# TASK ITEM
Repeat all the data that appears below, keeping it exact.

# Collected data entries
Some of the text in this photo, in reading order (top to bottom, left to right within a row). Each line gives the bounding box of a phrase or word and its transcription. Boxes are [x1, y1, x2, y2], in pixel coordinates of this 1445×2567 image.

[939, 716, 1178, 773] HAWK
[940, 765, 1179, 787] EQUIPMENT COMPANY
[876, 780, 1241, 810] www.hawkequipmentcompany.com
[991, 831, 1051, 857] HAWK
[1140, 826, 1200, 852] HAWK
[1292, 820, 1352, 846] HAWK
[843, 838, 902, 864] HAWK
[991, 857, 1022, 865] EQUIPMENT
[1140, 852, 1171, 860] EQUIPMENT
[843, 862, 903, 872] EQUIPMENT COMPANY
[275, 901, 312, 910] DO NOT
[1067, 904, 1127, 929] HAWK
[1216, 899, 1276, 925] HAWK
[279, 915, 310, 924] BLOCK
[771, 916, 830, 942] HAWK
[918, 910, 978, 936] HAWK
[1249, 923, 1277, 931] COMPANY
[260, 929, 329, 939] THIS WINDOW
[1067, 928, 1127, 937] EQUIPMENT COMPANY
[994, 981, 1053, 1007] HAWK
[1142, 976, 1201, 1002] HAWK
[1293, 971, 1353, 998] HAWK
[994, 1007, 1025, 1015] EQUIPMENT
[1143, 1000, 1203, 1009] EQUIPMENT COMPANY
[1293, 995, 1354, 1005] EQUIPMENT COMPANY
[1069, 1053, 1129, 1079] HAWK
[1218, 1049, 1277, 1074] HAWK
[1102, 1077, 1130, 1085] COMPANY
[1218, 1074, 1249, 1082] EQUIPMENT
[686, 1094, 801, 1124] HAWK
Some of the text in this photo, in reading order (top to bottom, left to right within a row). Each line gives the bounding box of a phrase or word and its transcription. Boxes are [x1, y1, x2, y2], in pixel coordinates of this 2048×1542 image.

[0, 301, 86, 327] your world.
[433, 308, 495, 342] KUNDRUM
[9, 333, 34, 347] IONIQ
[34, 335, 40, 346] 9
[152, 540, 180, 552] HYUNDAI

# RESPONSE BELOW
Some of the text in this photo, in reading order (top to bottom, left to right within a row). Each line gives the bounding box of a phrase or word and its transcription. Boxes are [x1, y1, x2, y2], in pixel coordinates of this 1445×2567 image.

[939, 716, 1178, 773] HAWK
[940, 765, 1179, 787] EQUIPMENT COMPANY
[876, 780, 1241, 810] www.hawkequipmentcompany.com
[991, 831, 1051, 857] HAWK
[1140, 826, 1200, 852] HAWK
[1292, 820, 1352, 846] HAWK
[843, 838, 902, 864] HAWK
[991, 857, 1022, 865] EQUIPMENT
[1140, 852, 1171, 860] EQUIPMENT
[843, 862, 903, 872] EQUIPMENT COMPANY
[275, 901, 312, 910] DO NOT
[1067, 904, 1127, 929] HAWK
[1216, 899, 1276, 925] HAWK
[279, 915, 310, 924] BLOCK
[771, 916, 830, 942] HAWK
[918, 910, 978, 936] HAWK
[1249, 923, 1277, 931] COMPANY
[260, 929, 329, 939] THIS WINDOW
[1067, 928, 1127, 937] EQUIPMENT COMPANY
[994, 981, 1053, 1007] HAWK
[1142, 976, 1201, 1002] HAWK
[1293, 971, 1353, 998] HAWK
[994, 1007, 1025, 1015] EQUIPMENT
[1143, 1000, 1203, 1009] EQUIPMENT COMPANY
[1293, 995, 1354, 1005] EQUIPMENT COMPANY
[1069, 1053, 1129, 1079] HAWK
[1218, 1049, 1277, 1074] HAWK
[1102, 1077, 1130, 1085] COMPANY
[1218, 1074, 1249, 1082] EQUIPMENT
[686, 1094, 801, 1124] HAWK
Some of the text in this photo, in reading order (top to bottom, left to right within a row). Each line gives the bounding box of a phrase or word and its transcription. Boxes are [x1, y1, x2, y2], in pixel coordinates of this 2048×1542 image.

[0, 301, 86, 327] your world.
[433, 308, 495, 342] KUNDRUM
[9, 333, 34, 347] IONIQ
[34, 335, 40, 346] 9
[152, 540, 180, 552] HYUNDAI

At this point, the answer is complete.